I-BioStat, Hasselt University, Diepenbeek, Belgium.
Faculty of Medicine and Life Sciences, Hasselt University, Diepenbeek, Belgium.
PLoS One. 2019 Feb 6;14(2):e0211854. doi: 10.1371/journal.pone.0211854. eCollection 2019.
Nuclear magnetic resonance (NMR) spectroscopy is a principal analytical technique in metabolomics. Extracting metabolic information from NMR spectra is complex due to the fact that an immense amount of detail on the chemical composition of a biological sample is expressed through a single spectrum. The simplest approach to quantify the signal is through spectral binning which involves subdividing the spectra into regions along the chemical shift axis and integrating the peaks within each region. However, due to overlapping resonance signals, the integration values do not always correspond to the concentrations of specific metabolites. An alternate, more advanced statistical approach is spectral deconvolution. BATMAN (Bayesian AuTomated Metabolite Analyser for NMR data) performs spectral deconvolution using prior information on the spectral signatures of metabolites. In this way, BATMAN estimates relative metabolic concentrations. In this study, both spectral binning and spectral deconvolution using BATMAN were applied to 400 MHz and 900 MHz NMR spectra of blood plasma samples from lung cancer patients and control subjects. The relative concentrations estimated by BATMAN were compared with the binning integration values in terms of their ability to discriminate between lung cancer patients and controls. For the 400 MHz data, the spectral binning approach provided greater discriminatory power. However, for the 900 MHz data, the relative metabolic concentrations obtained by using BATMAN provided greater predictive power. While spectral binning is computationally advantageous and less laborious, complementary models developed using BATMAN-estimated features can add complementary information regarding the biological interpretation of the data and therefore are clinically useful.

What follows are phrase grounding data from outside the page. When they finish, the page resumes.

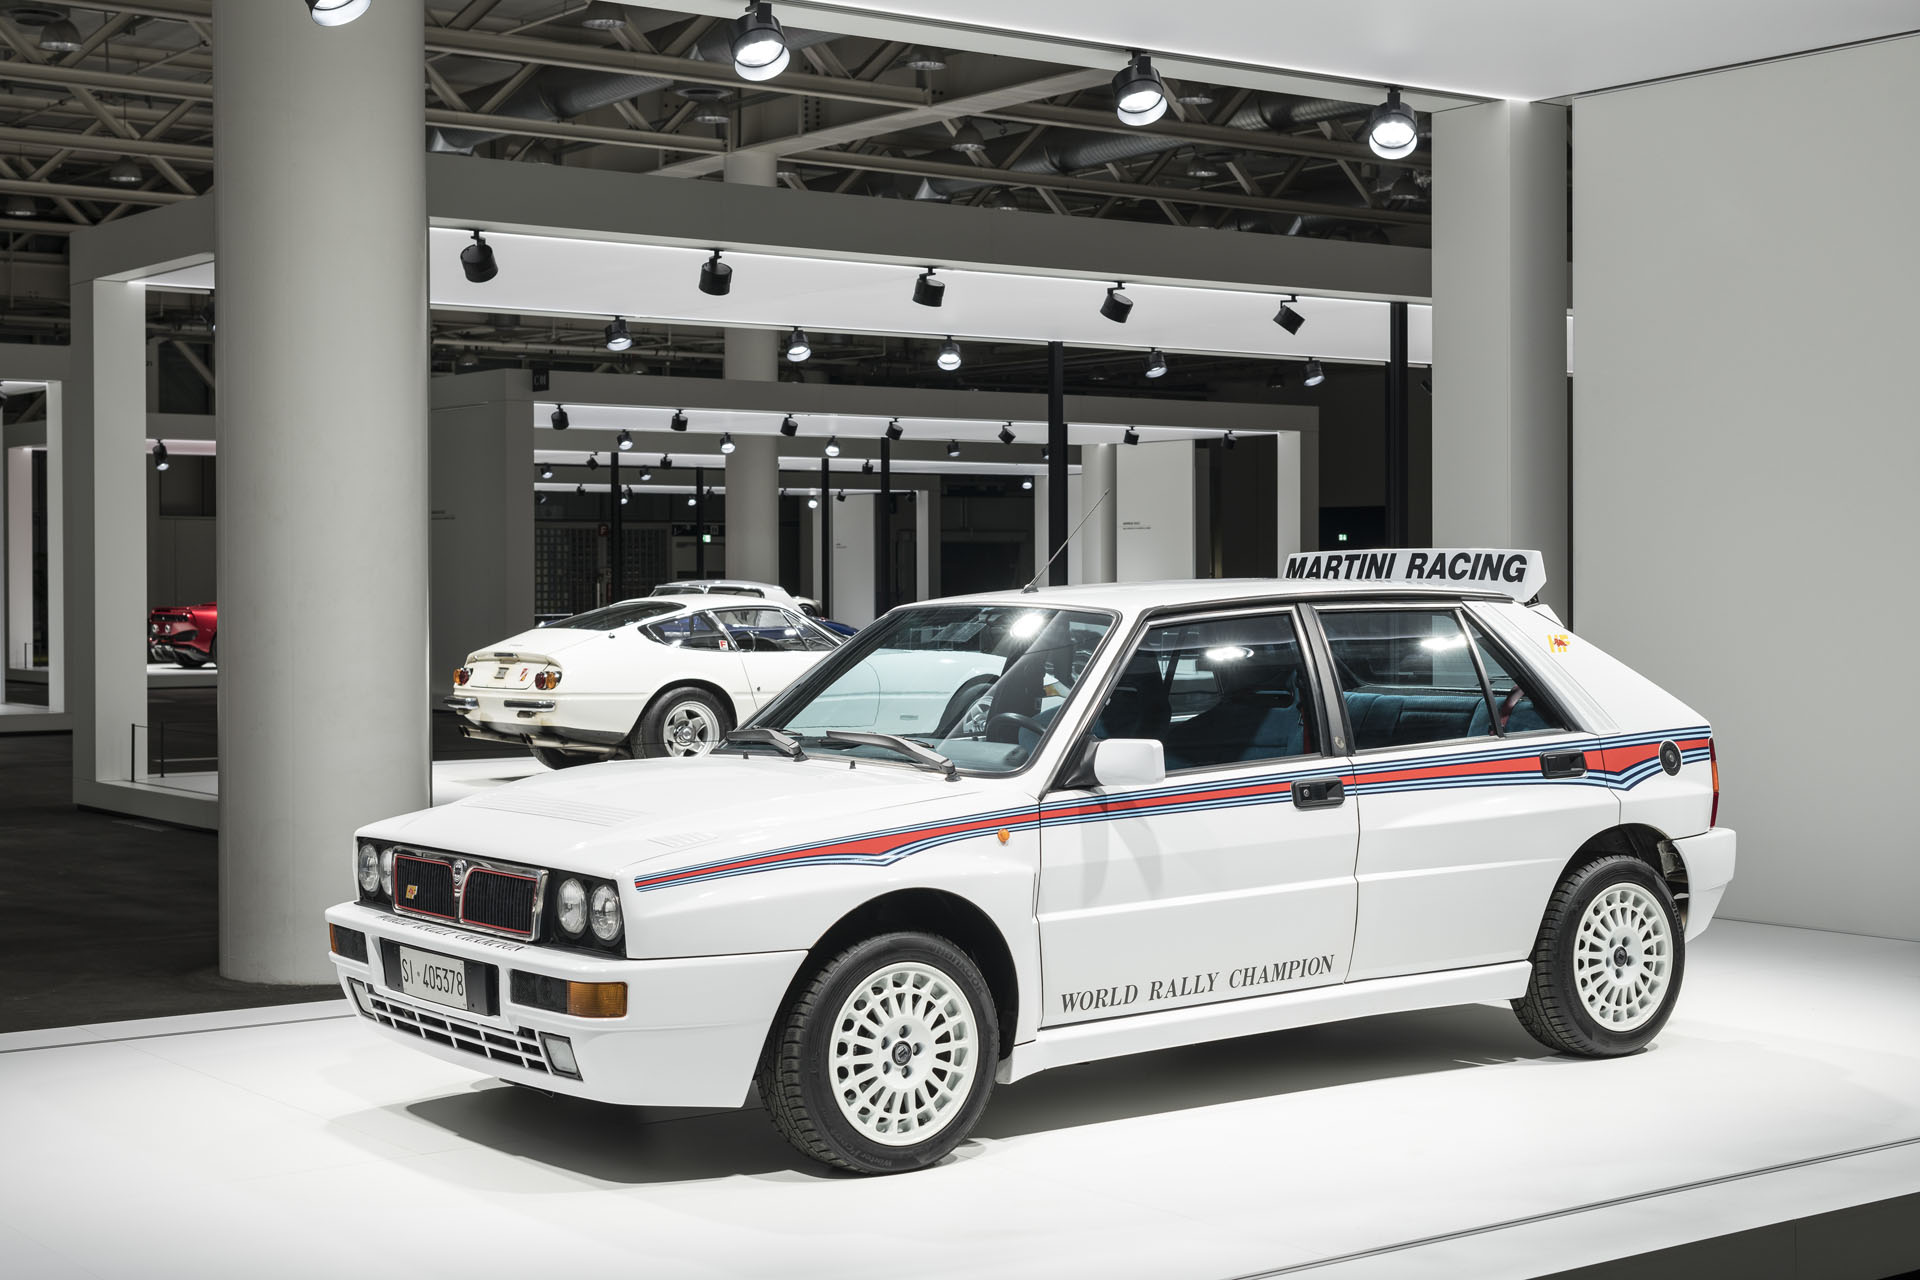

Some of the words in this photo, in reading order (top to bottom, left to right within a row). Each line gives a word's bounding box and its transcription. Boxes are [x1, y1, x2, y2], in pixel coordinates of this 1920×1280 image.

[1285, 553, 1397, 579] MARTINI
[1405, 552, 1528, 583] RACING
[1061, 984, 1139, 1013] WORLD
[1149, 971, 1220, 1001] RALLY
[1229, 954, 1335, 989] CHAMPION

核磁共振(NMR)光谱是代谢组学中的主要分析技术。由于通过单个光谱表达了生物样本化学成分的大量详细信息,因此从 NMR 光谱中提取代谢信息非常复杂。定量信号的最简单方法是通过光谱分箱来实现,该方法涉及沿化学位移轴将光谱分成区域,并对每个区域内的峰进行积分。但是,由于共振信号的重叠,积分值并不总是对应于特定代谢物的浓度。另一种更先进的统计方法是光谱解卷积。BATMAN(用于 NMR 数据的贝叶斯自动代谢物分析器)使用代谢物光谱特征的先验信息来执行光谱解卷积。通过这种方式,BATMAN 估计相对代谢浓度。在这项研究中,分别使用光谱分箱和 BATMAN 进行光谱解卷积,对来自肺癌患者和对照受试者的血浆样本的 400 MHz 和 900 MHz NMR 光谱进行了处理。BATMAN 估计的相对浓度与分箱积分值进行了比较,以评估它们区分肺癌患者和对照受试者的能力。对于 400 MHz 数据,光谱分箱方法提供了更大的区分能力。然而,对于 900 MHz 数据,使用 BATMAN 获得的相对代谢浓度提供了更大的预测能力。虽然光谱分箱在计算上具有优势,且工作量较小,但使用 BATMAN 估计的特征开发的补充模型可以提供关于数据生物学解释的补充信息,因此在临床上很有用。